The heap is a type of data structure that represents a binary tree. They have a root element, left and right sub-tree, and children. A root element is the item at the top of the tree that branches out into other elements, similar to the root of an actual tree.

Example of a heap structure: Example of a heap structure

The roots of a tree: The roots of a tree

There two main types of heap structures, min-max heaps, and max-min heaps.

Min-Max Heap

A min-max heap is a complete binary tree containing alternating even and odd levels. Even levels can be represented as 0, 2, and 4, and odd levels can be represented as 1, 3, 5, etc. In a min-max heap, the smallest value or minimum is at the root and each parent is less than or equal to its children while each parent in the max level is greater than its children. The root element is considered to be at the first level, i.e. 0.

Example of a min-max heap: Example of a min-max heap

Example of a binary tree: Example of a binary tree

Main Features of Min-max Heap

This type of heap is typically characterized by the following:

  1. Each node in a min-max heap is associated with a data member whose value is implemented to calculate the order of the node in the min-max heap.
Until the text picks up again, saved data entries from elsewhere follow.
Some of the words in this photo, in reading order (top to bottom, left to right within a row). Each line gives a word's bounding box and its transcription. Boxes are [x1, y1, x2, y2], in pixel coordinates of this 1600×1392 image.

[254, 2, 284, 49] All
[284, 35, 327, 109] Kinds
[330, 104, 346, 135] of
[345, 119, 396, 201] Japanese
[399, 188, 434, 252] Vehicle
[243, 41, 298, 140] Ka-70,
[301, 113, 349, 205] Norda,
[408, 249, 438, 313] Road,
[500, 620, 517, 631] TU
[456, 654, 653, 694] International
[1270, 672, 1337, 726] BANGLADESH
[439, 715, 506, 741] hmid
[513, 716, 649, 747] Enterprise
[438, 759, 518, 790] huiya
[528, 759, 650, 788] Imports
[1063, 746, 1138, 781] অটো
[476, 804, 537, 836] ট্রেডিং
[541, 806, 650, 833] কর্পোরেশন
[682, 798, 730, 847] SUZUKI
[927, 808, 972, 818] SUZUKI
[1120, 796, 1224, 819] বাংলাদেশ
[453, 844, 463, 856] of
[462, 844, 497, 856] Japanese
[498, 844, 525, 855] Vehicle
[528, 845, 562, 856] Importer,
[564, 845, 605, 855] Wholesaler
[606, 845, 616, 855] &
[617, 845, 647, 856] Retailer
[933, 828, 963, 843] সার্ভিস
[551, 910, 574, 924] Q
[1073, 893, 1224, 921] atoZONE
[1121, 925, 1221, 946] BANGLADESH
This is usually called key.
  2. The root element should be the minimum element of the min-max heap.
  3. One of the two elements in the second level, which is an odd level, is the maximum element in the min-max heap.
  4. If y is a node in a min-max heap and y is on an even level, then the key of y should be the smallest key among all keys in the subtree with y as the root.
  5. If the same y is on an odd level, then the key of y should be the highest among all the keys of a subtree with a root of y.
  6. A Node on a min (max) level is denoted as a min (max) node.

Implementation

This is the Python implementation:

import math

class MinMaxHeap:
    def __init__(self):
        self.heap = []  # array-based representation

    def level(self, index):
        """Return level (0 = min, 1 = max, etc.)"""
        return int(math.log2(index + 1))

    def parent(self, index):
        return (index - 1) // 2 if index > 0 else None

    def children(self, index):
        """Return indices of children if they exist"""
        left, right = 2 * index + 1, 2 * index + 2
        return [i for i in (left, right) if i < len(self.heap)]

    def add(self, value):
        if not isinstance(value, int):
            raise Exception("Please insert a number")
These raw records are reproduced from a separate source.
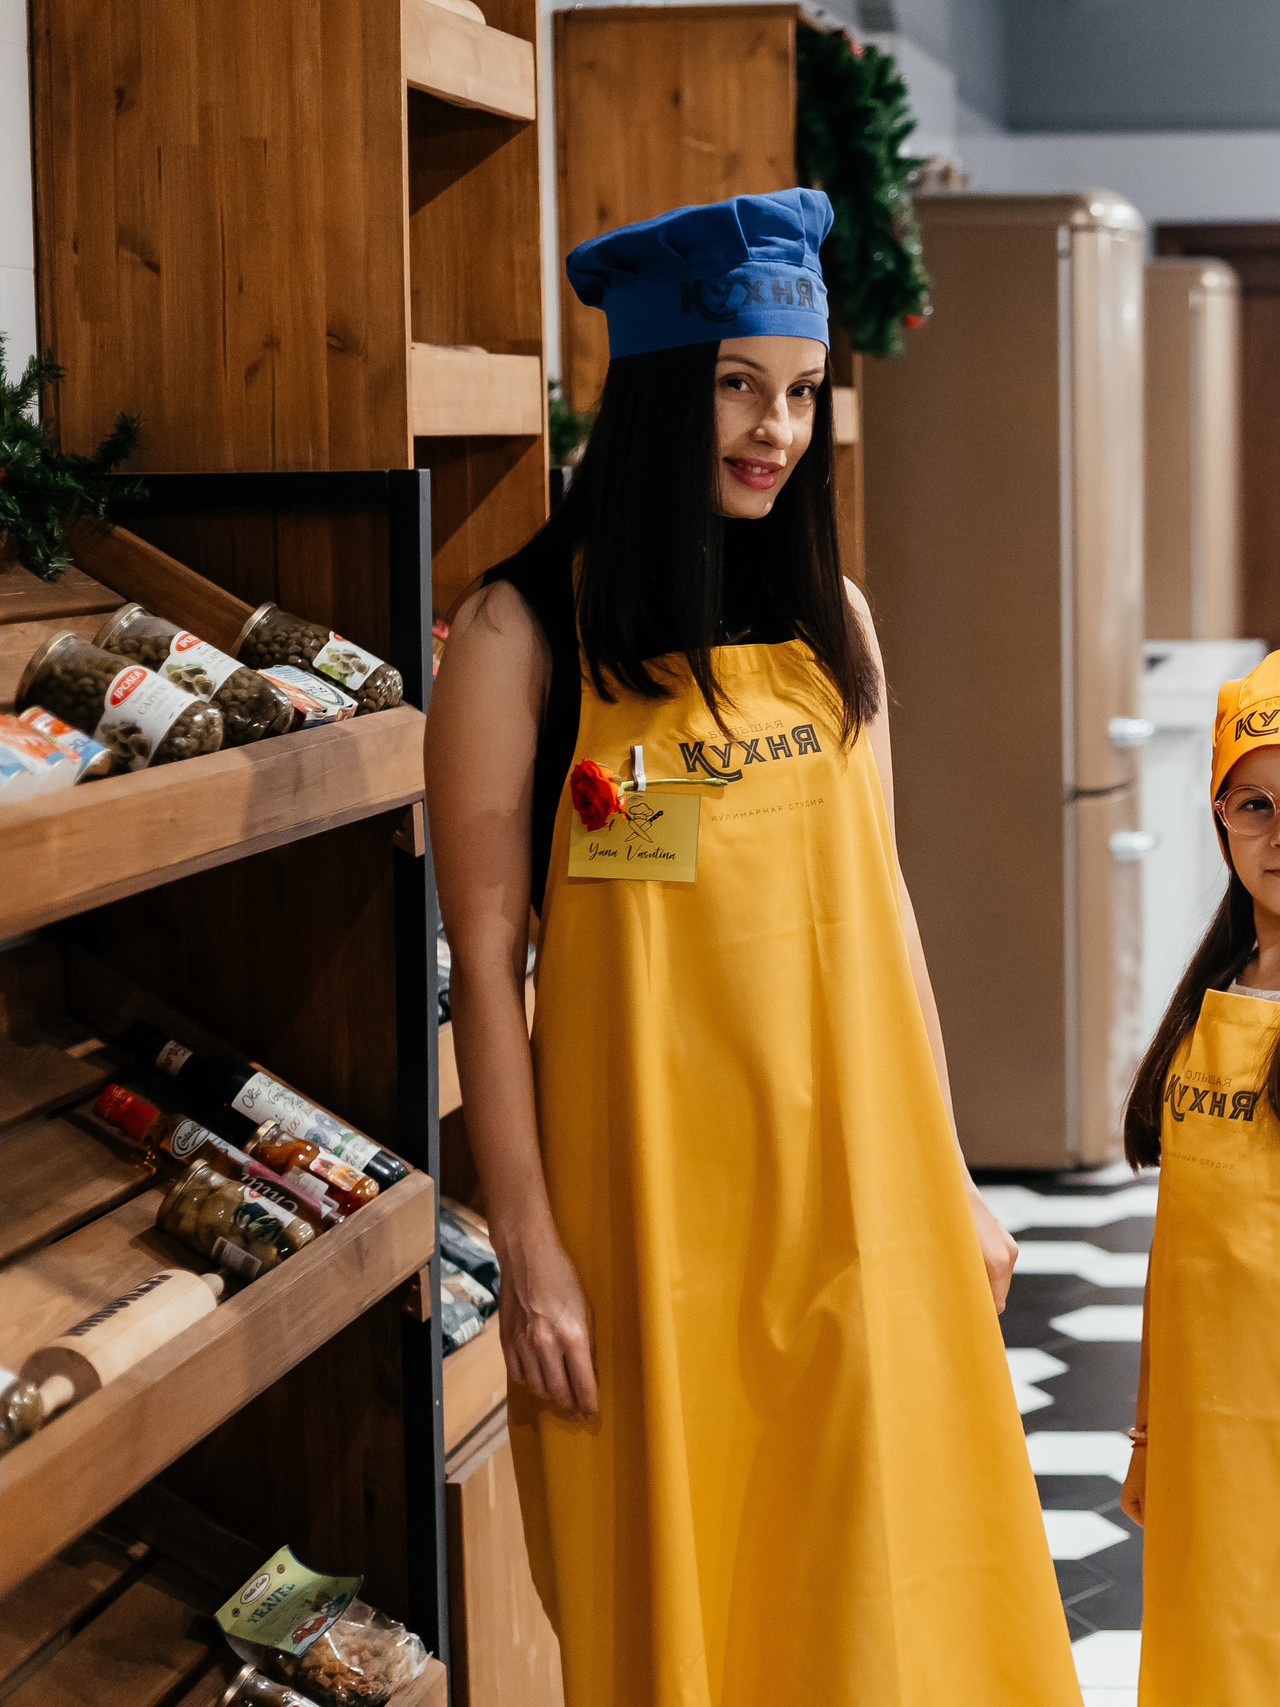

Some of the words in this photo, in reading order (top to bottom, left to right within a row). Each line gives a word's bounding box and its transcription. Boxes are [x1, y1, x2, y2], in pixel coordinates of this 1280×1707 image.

[680, 277, 815, 323] КУХНЯ
[112, 670, 144, 699] IPOSEA
[678, 723, 822, 783] КУХНЯ
[711, 805, 784, 823] КУЛИНАРНАЯ
[788, 797, 825, 811] СТУДИЯ
[588, 842, 619, 861] Yana
[1185, 1069, 1232, 1088] ОЛЬШАЯ
[242, 1087, 262, 1109] Olio
[1165, 1074, 1256, 1122] КУХНЯ
[247, 1583, 296, 1623] TRAVEL
        # Insert at the end
        self.heap.append(value)
        self._bubble_up(len(self.heap) - 1)

    def _bubble_up(self, index):
        """Bubble up according to min-max rules"""
        if index == 0:
            return

        level = self.level(index)
        parent = self.parent(index)

        if level % 2 == 0:  # min level
            if self.heap[index] > self.heap[parent]:
                # Swap with parent and bubble up in max level
                self.heap[index], self.heap[parent] = self.heap[parent], self.heap[index]
                self._bubble_up_max(parent)
            else:
                self._bubble_up_min(index)
        else:  # max level
            if self.heap[index] < self.heap[parent]:
                # Swap with parent and bubble up in min level
                self.heap[index], self.heap[parent] = self.heap[parent], self.heap[index]
                self._bubble_up_min(parent)
            else:
                self._bubble_up_max(index)

    def _bubble_up_min(self, index):
        grandparent = self.parent(self.parent(index)) if self.parent(index) is not None else None
        if grandparent is not None and self.heap[index] < self.heap[grandparent]:
            self.heap[index], self.heap[grandparent] = self.heap[grandparent], self.heap[index]
            self._bubble_up_min(grandparent)
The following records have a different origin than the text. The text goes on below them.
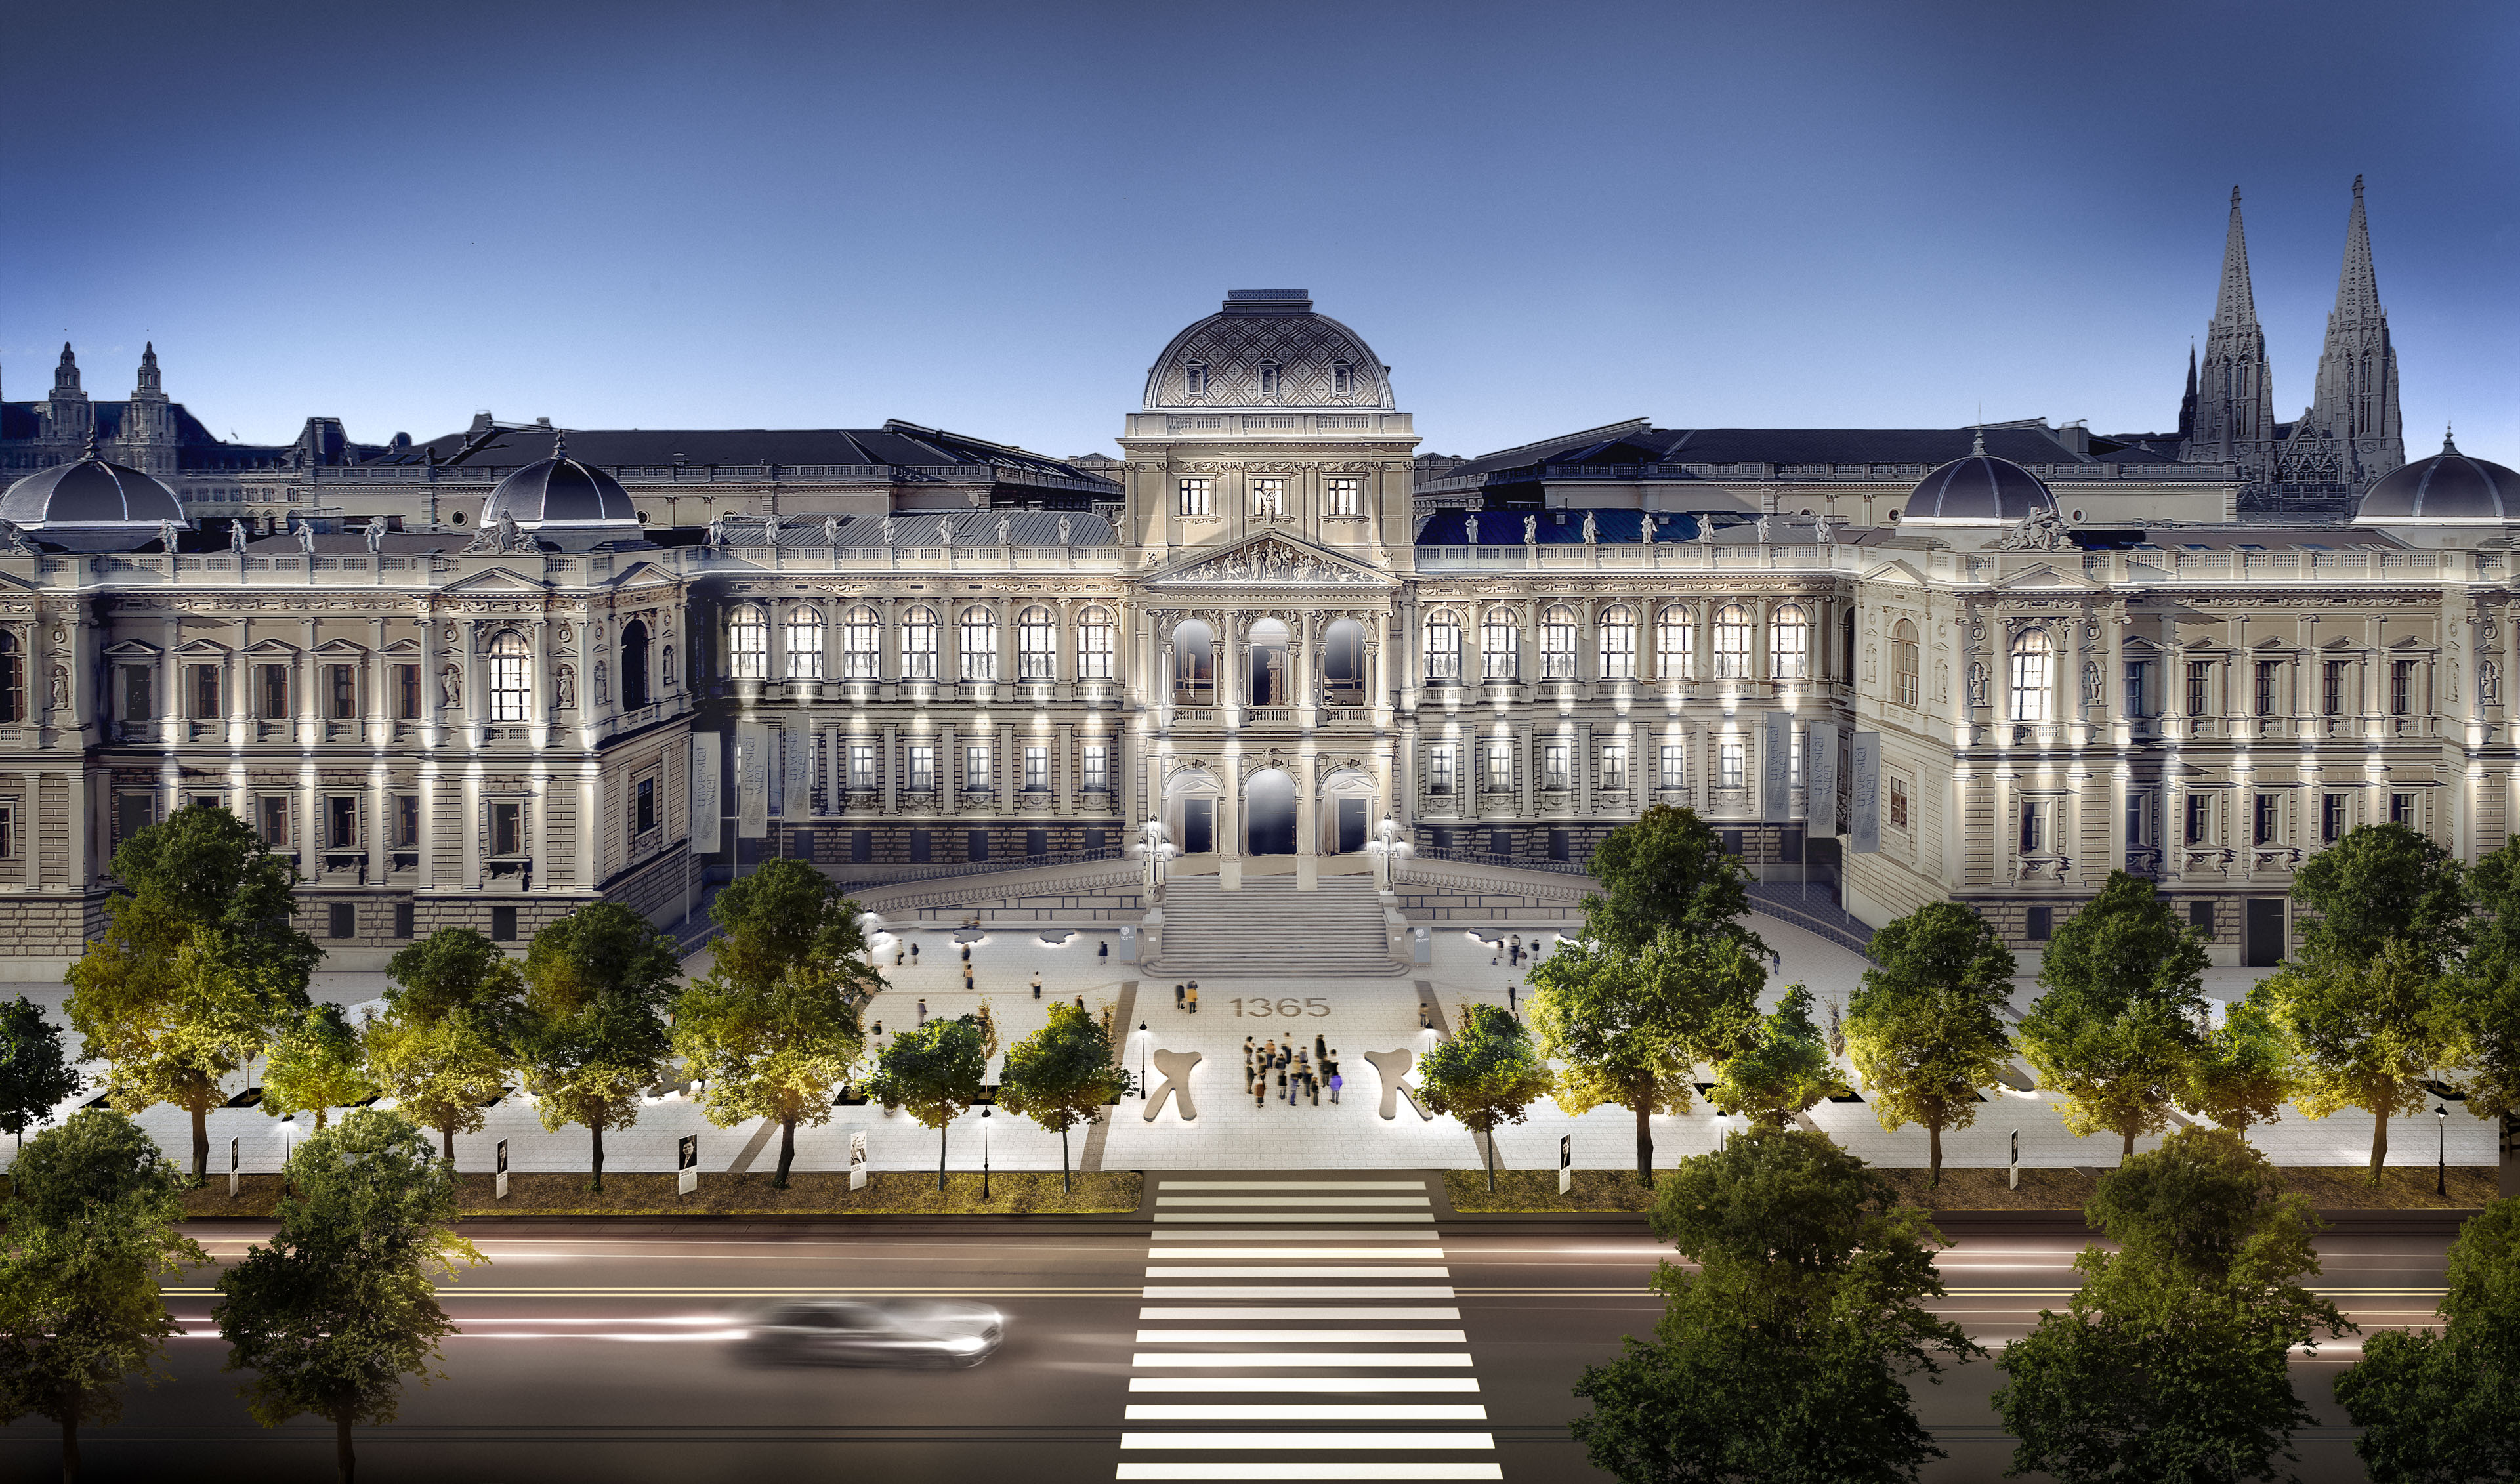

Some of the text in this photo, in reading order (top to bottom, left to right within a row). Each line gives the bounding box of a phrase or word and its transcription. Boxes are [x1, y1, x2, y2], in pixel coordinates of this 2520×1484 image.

[742, 736, 755, 795] universität
[787, 725, 798, 781] universität
[797, 752, 807, 780] wien
[1767, 725, 1778, 780] universität
[1778, 752, 1787, 780] wien
[1811, 736, 1824, 795] universität
[695, 747, 707, 807] universität
[707, 774, 716, 806] wien
[755, 765, 764, 794] wien
[1824, 765, 1833, 794] wien
[1854, 746, 1866, 807] universität
[1866, 774, 1876, 805] wien
[1229, 998, 1330, 1017] 1365
    def _bubble_up_max(self, index):
        grandparent = self.parent(self.parent(index)) if self.parent(index) is not None else None
        if grandparent is not None and self.heap[index] > self.heap[grandparent]:
            self.heap[index], self.heap[grandparent] = self.heap[grandparent], self.heap[index]
            self._bubble_up_max(grandparent)

    def find_min(self):
        return self.heap[0] if self.heap else None

    def find_max(self):
        if len(self.heap) <= 1:
            return self.heap[0] if self.heap else None
        elif len(self.heap) == 2:
            return self.heap[1]
        else:
            return max(self.heap[1], self.heap[2])

    def __str__(self):
        return str(self.heap)


# Example usage
test_heap = MinMaxHeap()
test_heap.add(10)
test_heap.add(15)
test_heap.add(40)
test_heap.add(50)
test_heap.add(30)
test_heap.add(100)
test_heap.add(40)

print("Heap:", test_heap)
print("Min:", test_heap.find_min())
print("Max:", test_heap.find_max())
print("Children:", test_heap.children(1))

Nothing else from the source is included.